Would you retype the listing word for word, skipping its pictures?

### Dataset
::::::::::

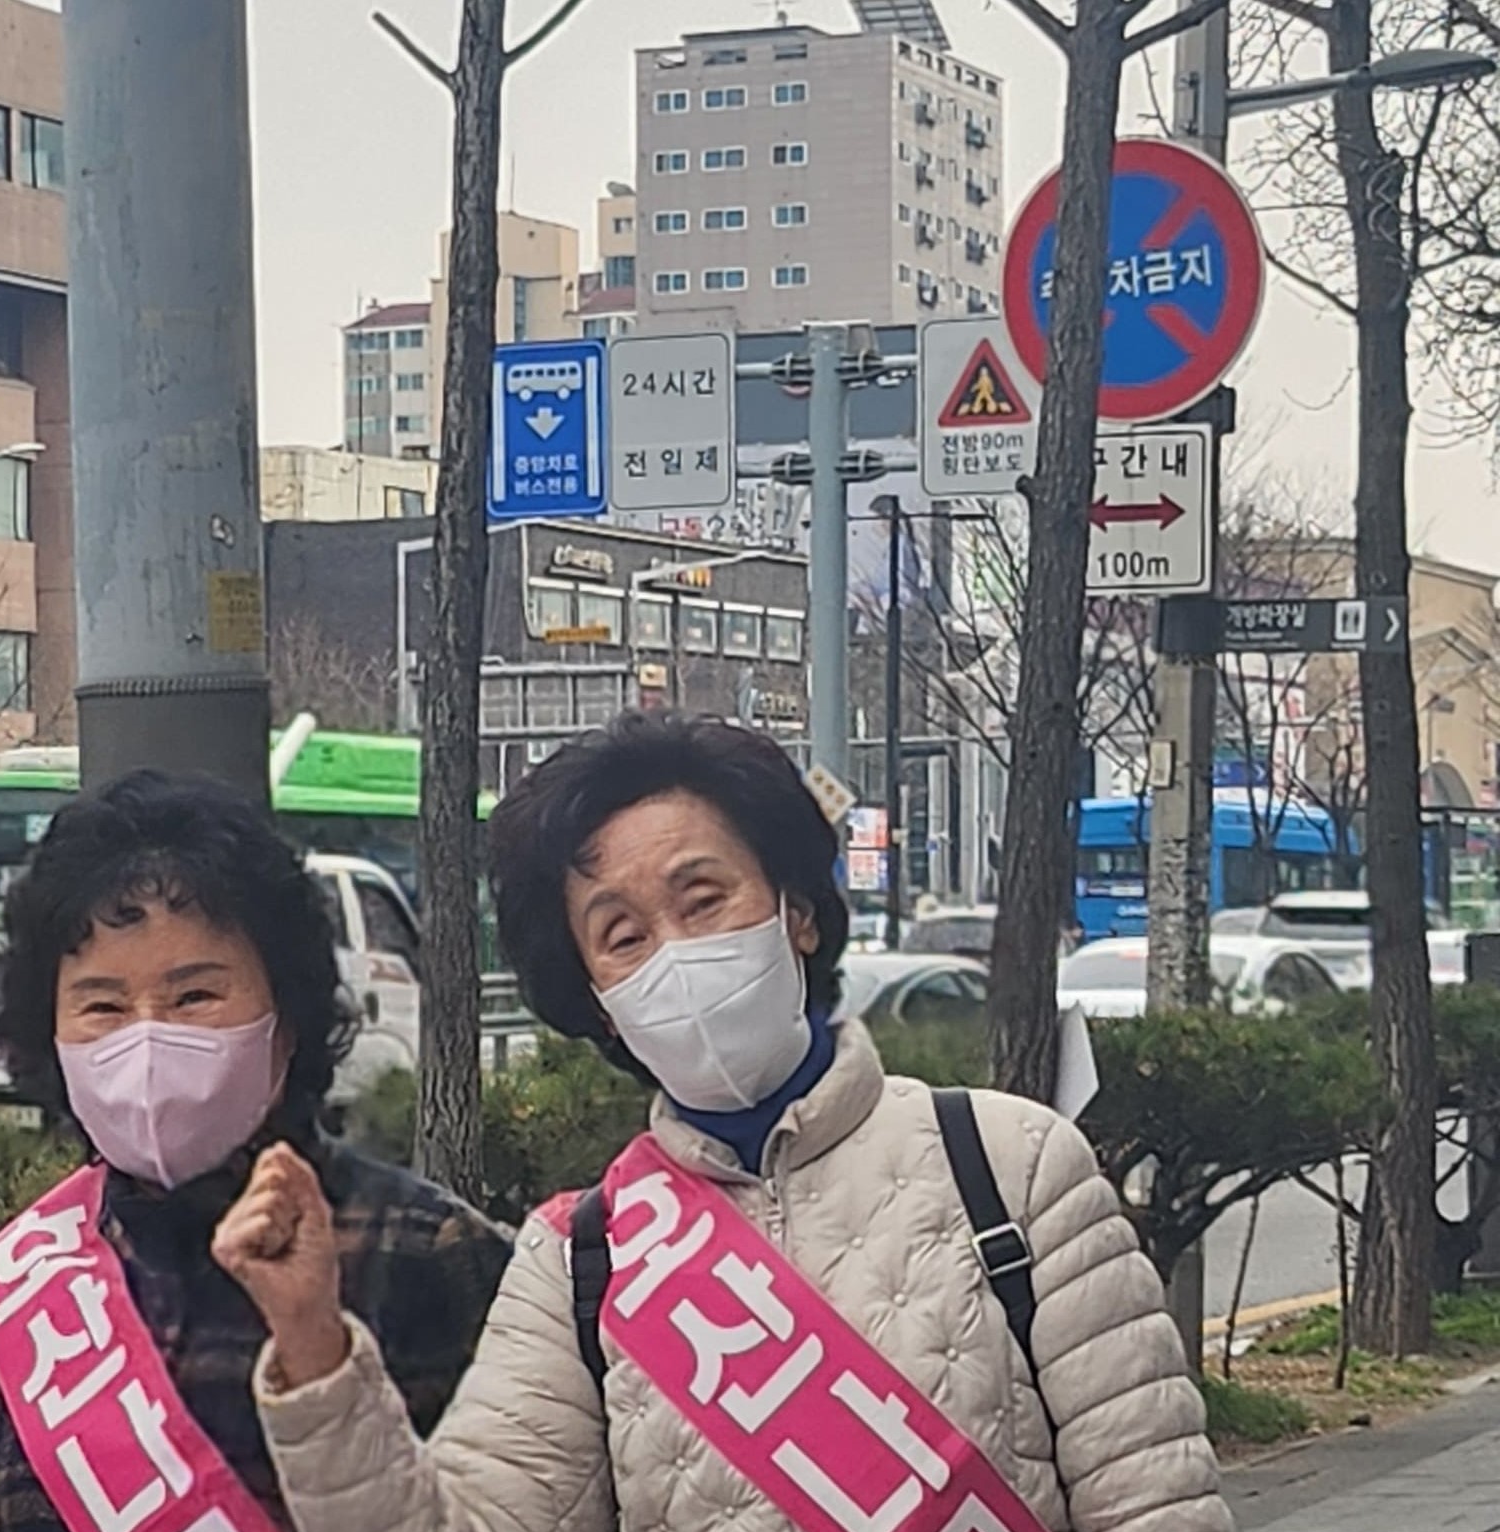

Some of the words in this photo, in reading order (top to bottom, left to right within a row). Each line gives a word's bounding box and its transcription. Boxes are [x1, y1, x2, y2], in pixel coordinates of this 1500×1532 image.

[622, 367, 716, 397] 24시간
[942, 432, 1024, 455] 전방90m
[514, 454, 579, 475] 중앙차로
[942, 453, 1024, 477] 횡단보도
[514, 476, 579, 498] 버스전용
[1097, 551, 1171, 579] 100m

::::::::::

### Response below
Some of the words in this photo, in reading order (top to bottom, left to right within a row). Each line gives a word's bounding box and its transcription. Boxes are [x1, y1, x2, y2], in pixel coordinates of this 1500×1532 image.

[622, 367, 716, 397] 24시간
[942, 432, 1024, 455] 전방90m
[514, 454, 579, 475] 중앙차로
[942, 453, 1024, 477] 횡단보도
[514, 476, 579, 498] 버스전용
[1097, 551, 1171, 579] 100m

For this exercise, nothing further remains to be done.